● Work instruction
Could you write out the records below exactly as they appear, leaving out any pictures?

Dataset entries:
********************
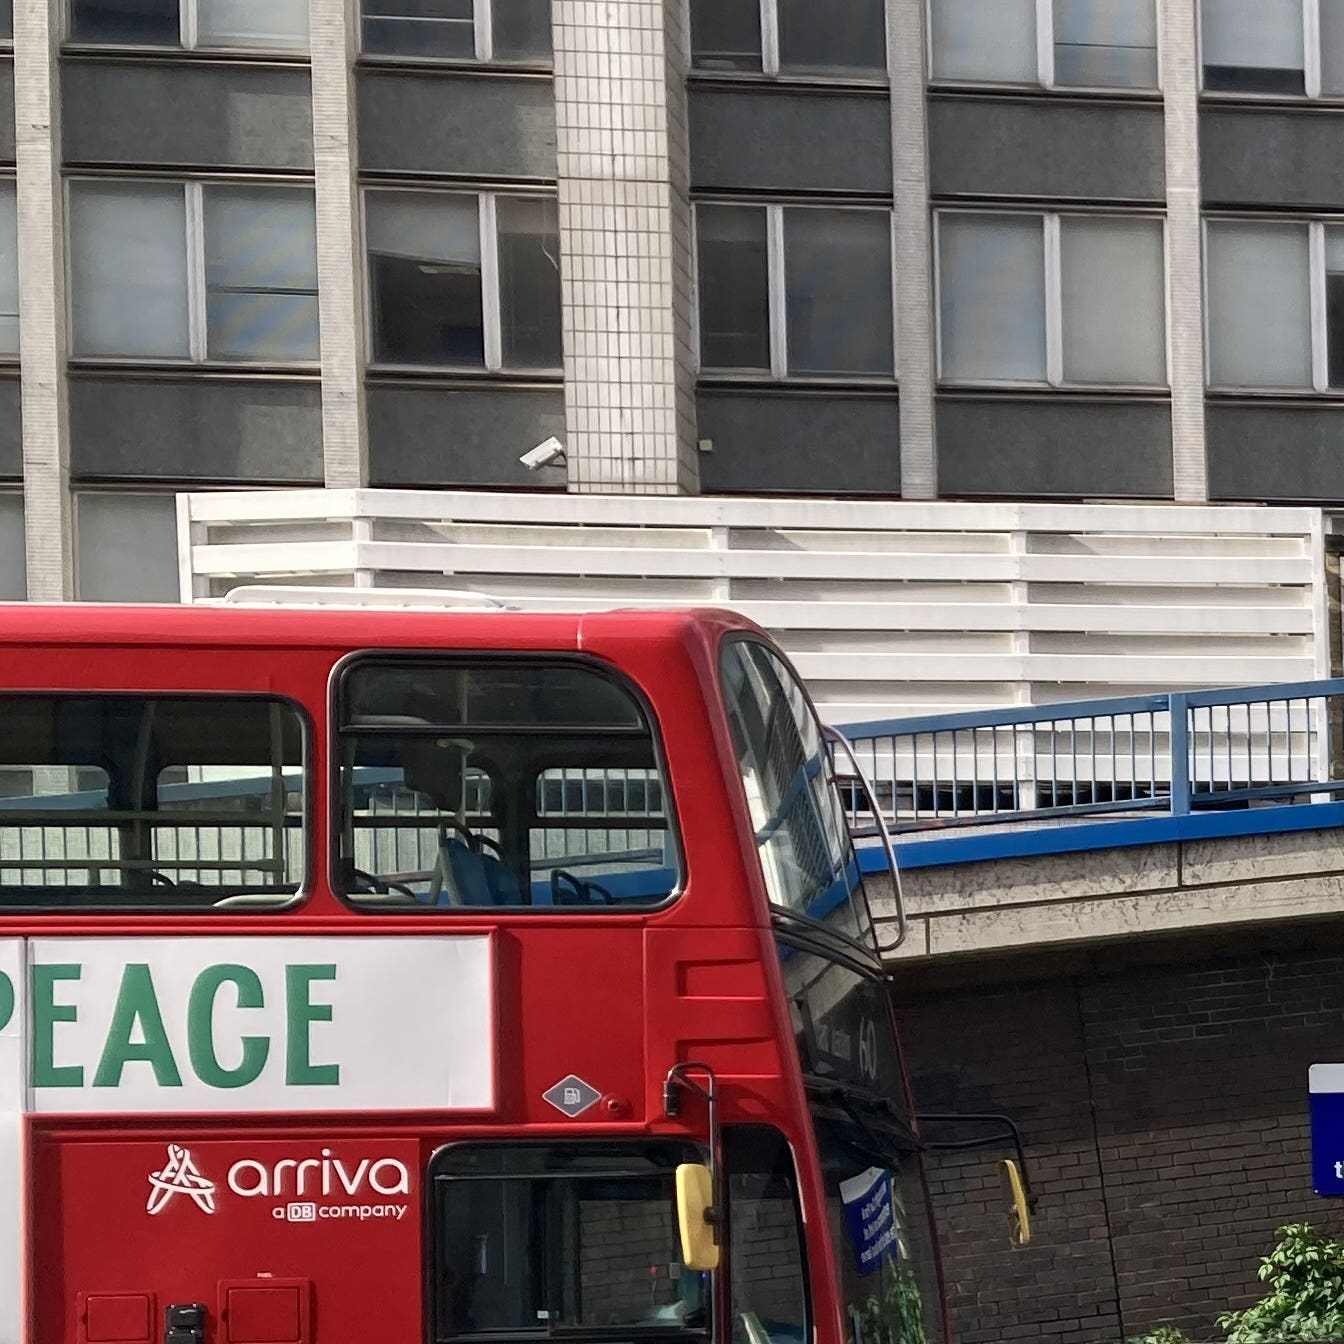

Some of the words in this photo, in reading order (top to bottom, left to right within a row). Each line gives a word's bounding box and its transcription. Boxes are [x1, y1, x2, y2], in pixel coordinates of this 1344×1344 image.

[0, 963, 340, 1089] EACE
[227, 1148, 409, 1197] arriva
[272, 1207, 285, 1219] a
[289, 1204, 315, 1220] DB
[318, 1204, 407, 1221] company
********************
● Task response
Some of the words in this photo, in reading order (top to bottom, left to right within a row). Each line gives a word's bounding box and its transcription. Boxes are [x1, y1, x2, y2], in pixel coordinates of this 1344×1344 image.

[0, 963, 340, 1089] EACE
[227, 1148, 409, 1197] arriva
[272, 1207, 285, 1219] a
[289, 1204, 315, 1220] DB
[318, 1204, 407, 1221] company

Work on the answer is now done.